-- Instructions to follow --
Copy out the data in full and exactly, passing over the pictures.

-- Records excerpted from a collection --
#####

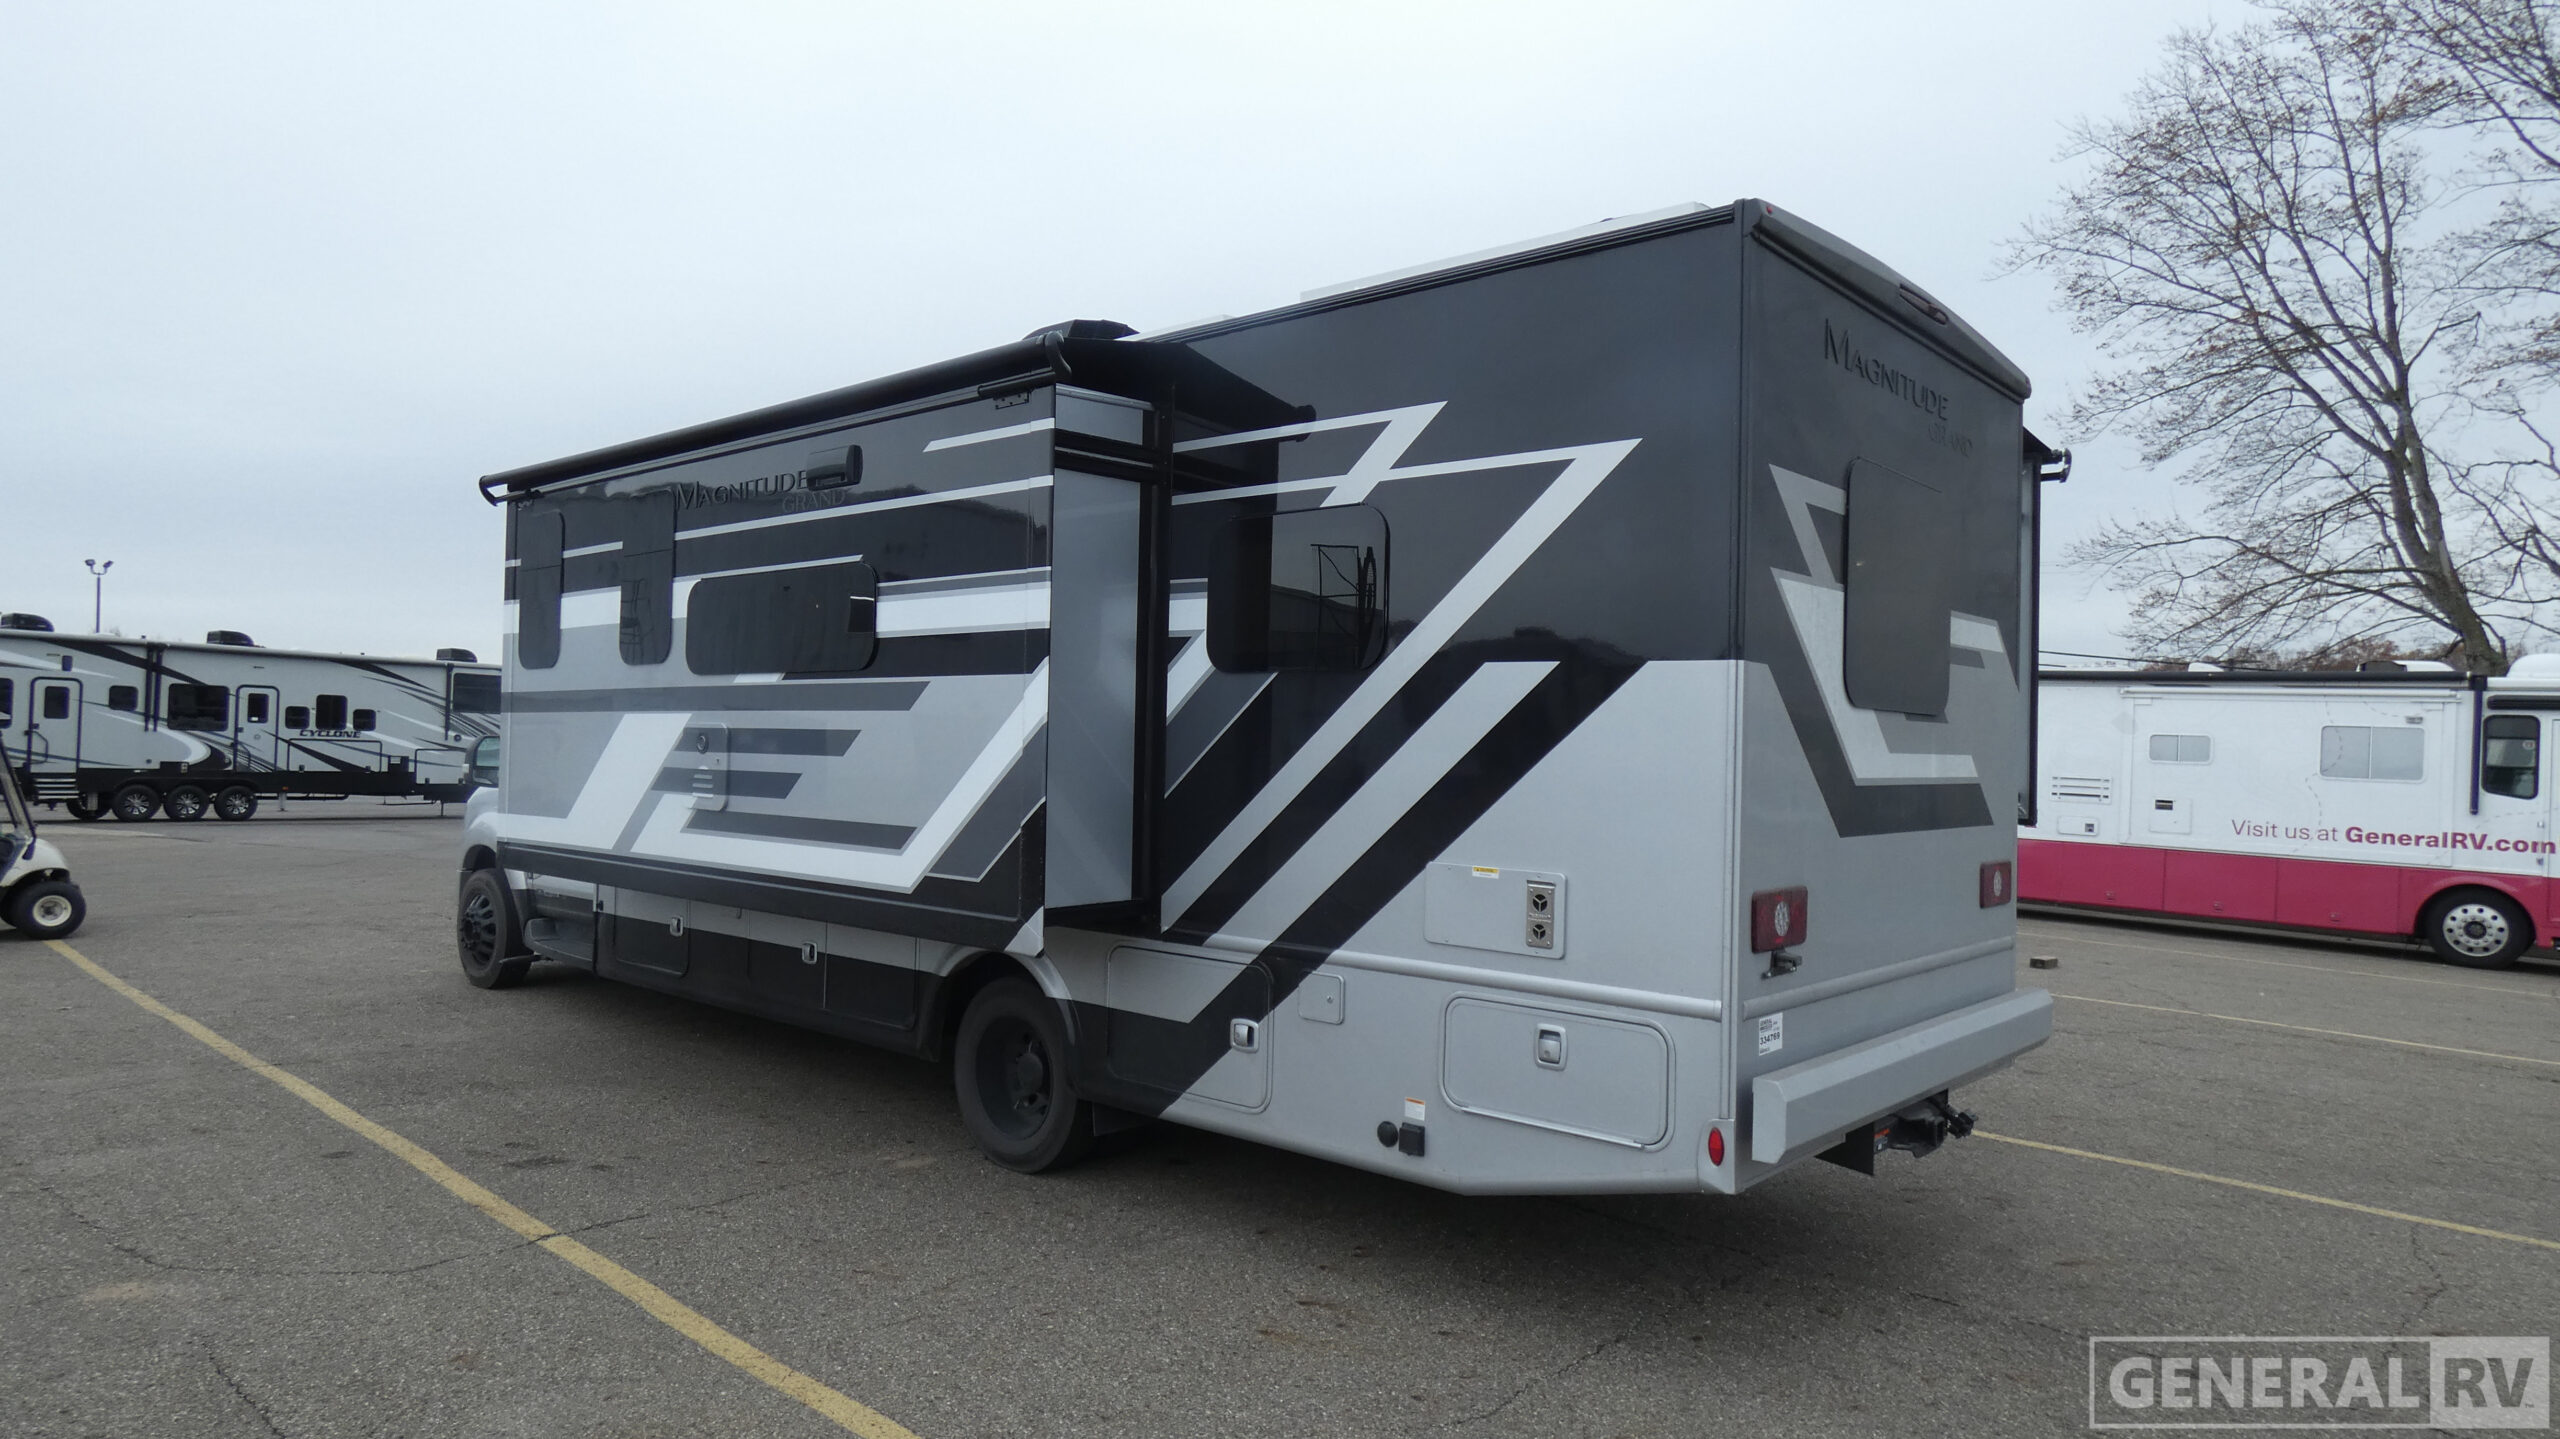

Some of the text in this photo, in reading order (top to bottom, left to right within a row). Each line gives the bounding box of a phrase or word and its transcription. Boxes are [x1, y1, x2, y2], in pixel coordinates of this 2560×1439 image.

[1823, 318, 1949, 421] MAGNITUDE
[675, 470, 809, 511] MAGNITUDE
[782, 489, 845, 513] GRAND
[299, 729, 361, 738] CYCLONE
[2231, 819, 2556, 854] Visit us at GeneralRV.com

#####

-- Result of this exercise --
Some of the text in this photo, in reading order (top to bottom, left to right within a row). Each line gives the bounding box of a phrase or word and its transcription. Boxes are [x1, y1, x2, y2], in pixel coordinates of this 2560×1439 image.

[1823, 318, 1949, 421] MAGNITUDE
[675, 470, 809, 511] MAGNITUDE
[782, 489, 845, 513] GRAND
[299, 729, 361, 738] CYCLONE
[2231, 819, 2556, 854] Visit us at GeneralRV.com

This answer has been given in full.